Memorandum For: Heads of Legal Offices
From: Theodore W. Kassinger
Subject: Pro Bono Legal and Volunteer Policy
Pro bono legal work and other volunteer activities allow participants to assist individuals and strengthen communities, and, at the same time, present opportunities to enhance professional skills. Pursuant to Executive Order 12988, it is the policy of the Office of the General Counsel (OGC) of the Department of Commerce to facilitate voluntary participation in such activities by employees in OGC. Although Federal Government attorneys face some constraints on the types of pro bono legal and other volunteer activities they may perform, there is ample room for meaningful participation in these activities. The attached policy statement is intended as a guide for those who wish to become involved in pro bono activity by eliminating uncertainty regarding the types of pro bono legal and other volunteer activities in which attorneys may participate.
November 4, 2002
Department of Commerce Office of the General Counsel Statement
on Pro Bono Legal and Volunteer Service Activities
Attorneys in the Department of Commerce can play a significant role in providing voluntary legal assistance and other community services to members of the public in need of their skills. In view of this, pursuant to Executive Order 12988, the Office of the General Counsel of the Department of Commerce is issuing this policy to encourage Department attorneys to undertake such efforts, consistent with applicable statutes and regulations governing conflicts of interest and outside activities.

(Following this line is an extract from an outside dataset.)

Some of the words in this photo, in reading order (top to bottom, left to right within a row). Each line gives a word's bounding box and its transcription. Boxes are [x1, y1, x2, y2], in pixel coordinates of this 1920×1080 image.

Pro bono legal services contemplated by this policy include legal services to (1) persons of limited means or other disadvantaged persons; (2) charitable, religious, civic, community, governmental, health, and educational organizations in matters designed to address the needs of such persons; (3) individuals or organizations seeking to secure or protect civil rights, civil liberties or public rights; or (4) activities seeking to improve the law, the legal system or the legal profession. Nonlegal voluntary services contemplated by this policy include such services to
persons or organizations in the foregoing first two categories.
Department attorneys seeking to engage in either pro bono legal services or nonlegal voluntary services should consult with an ethics official in the Office of the Assistant General Counsel for Administration to ensure that the services contemplated comply with conflict of interest statutes or ethics regulations, including restrictions on representing clients before a Federal agency or court, or engaging in activities that interfere with the proper and effective performance of official duties.

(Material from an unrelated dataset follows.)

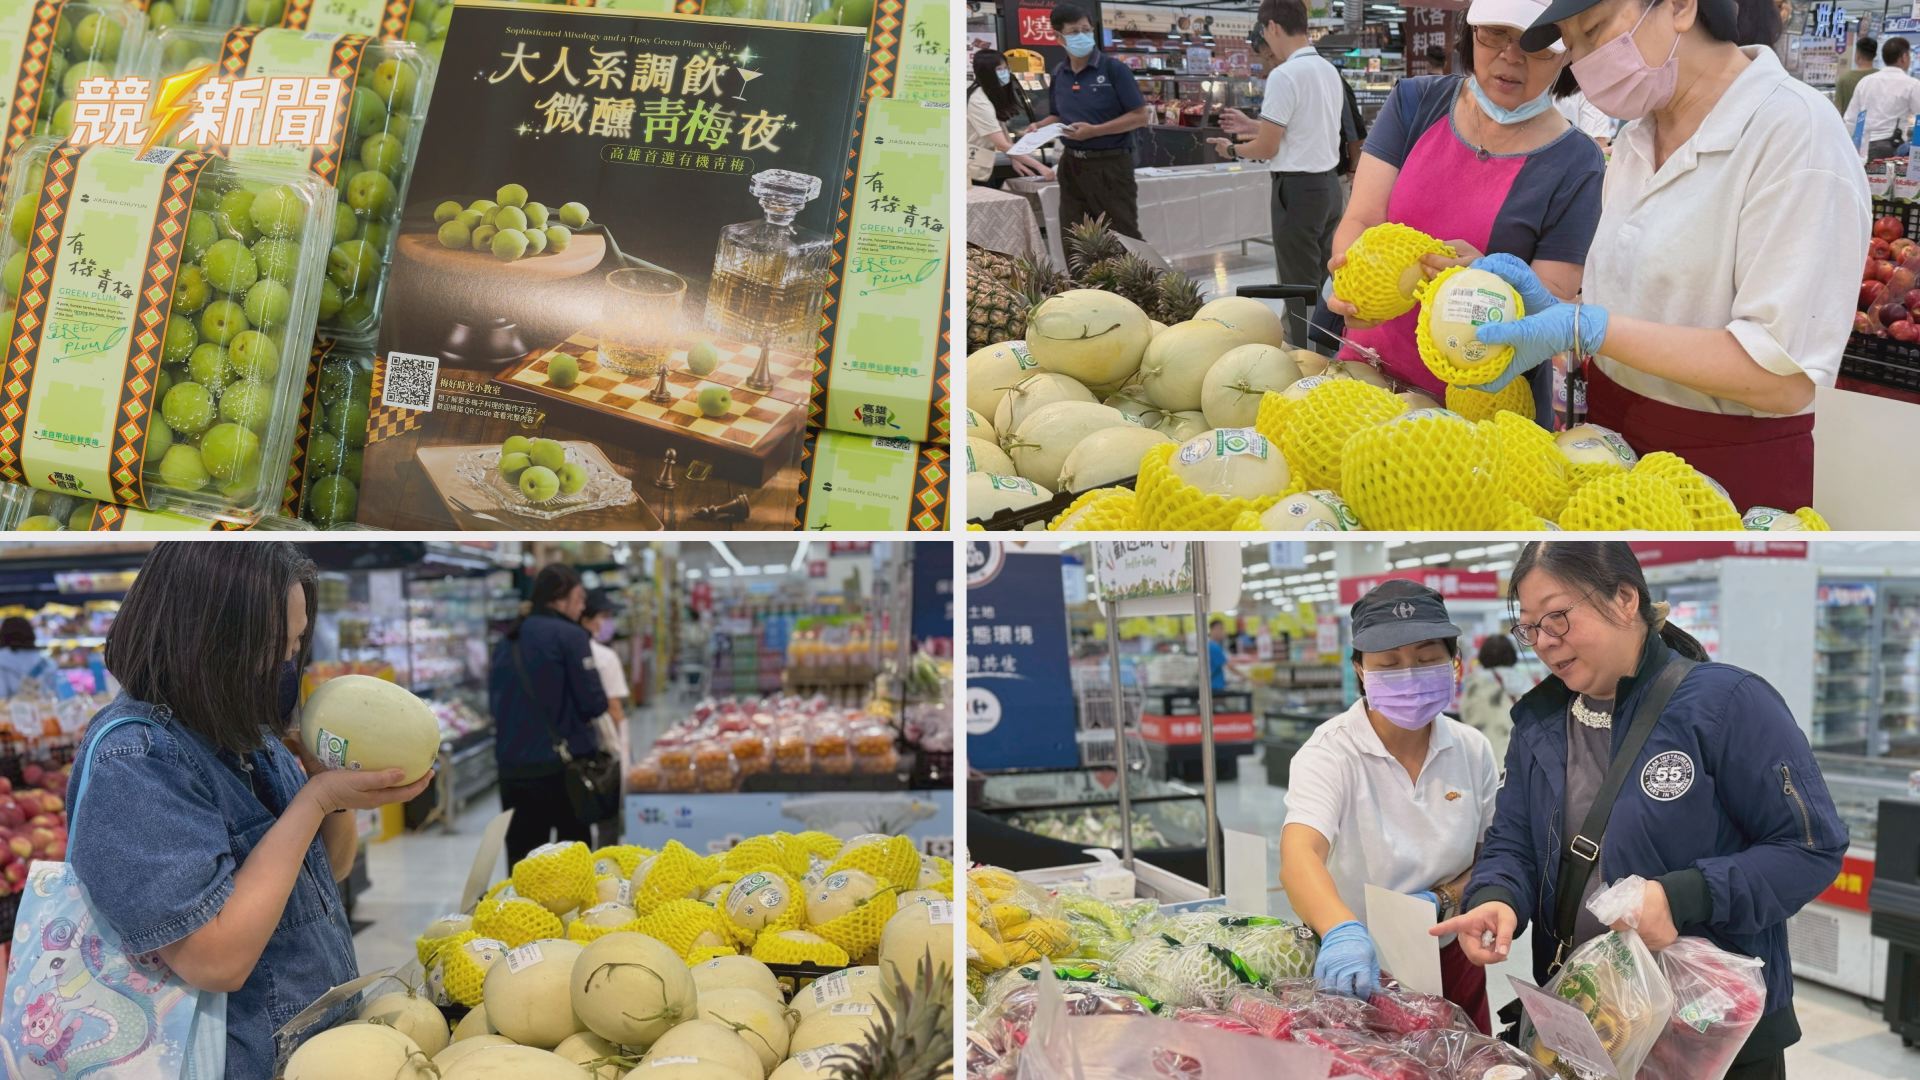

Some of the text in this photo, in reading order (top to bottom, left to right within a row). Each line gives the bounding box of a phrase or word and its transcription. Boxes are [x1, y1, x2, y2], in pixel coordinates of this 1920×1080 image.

There are certain additional constraints as well. Attorneys undertaking pro bono legal services must prepare and execute a retainer agreement, to be signed by the client, making it explicit that the attorney is acting in an individual capacity and not on behalf of the Department. The Department does not provide malpractice insurance for pro bono work, and, as a consequence, it is recommended that attorneys protect themselves by ensuring that they have such coverage for the legal services contemplated. Attorneys not licensed in the District of Columbia may practice subject to the constraints of the District of Columbia’s local rule regarding the unauthorized practice of law. Attorneys providing such services outside the District of Columbia must comply with all state and local requirements, including any licensing and fee requirements.

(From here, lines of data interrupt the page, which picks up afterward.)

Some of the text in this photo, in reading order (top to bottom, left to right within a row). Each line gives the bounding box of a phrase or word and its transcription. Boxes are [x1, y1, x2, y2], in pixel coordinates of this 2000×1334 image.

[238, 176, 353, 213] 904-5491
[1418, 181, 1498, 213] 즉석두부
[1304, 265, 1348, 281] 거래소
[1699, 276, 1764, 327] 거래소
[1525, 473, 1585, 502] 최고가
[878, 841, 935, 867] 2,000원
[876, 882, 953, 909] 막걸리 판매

It is Department policy to support pro bono legal and other voluntary services. To this end, supervisors are encouraged to grant annual leave or leave without pay for such activities, so long as the employee’s absence does not adversely affect the paramount needs of the office. Limited administrative leave may be granted for training which will enhance job-related skills or otherwise provide education directly beneficial to office operations. As a general rule, employees may use Government resources only for official business or as authorized by the Government. However, to support the policy enunciated here, certain limited uses of these resources may be authorized by heads of legal offices so long as they do not interfere with normal operations of the office and do not occur during duty hours: (1) personal uses that involve only negligible expense to the Government, including minimal use of ink, electricity and paper; (2) limited personal telephone or fax calls that are either local or charged to non-Government accounts; (3) commercial electronic databases, such as Lexis/Nexis or Westlaw, which are paid for at a fixed rate rather than on an hourly basis; (4) Department bound reference materials; and (5) Internet services to the extent consistent with Department policy.
This policy statement is intended only to encourage pro bono legal and volunteer services by Department attorneys, and is not intended to create any right or benefit, substantive or procedural, enforceable at law by a party against the United States, its agencies, its officers, or any person.
The United States and the Department of Commerce will not be responsible for any negligent or otherwise tortious acts or omissions on the part of any Department employee engaged in any pro bono or voluntary activity. While the Department encourages pro bono and voluntary activities by its employees, the Department exercises no control over the services and activities of its employees engaged in these services and activities, nor does it control the time or location of any such service or activity. Each employee is acting outside the scope of his or her Government employment when the employee participates, supports or joins in any pro bono legal or volunteer service or activity.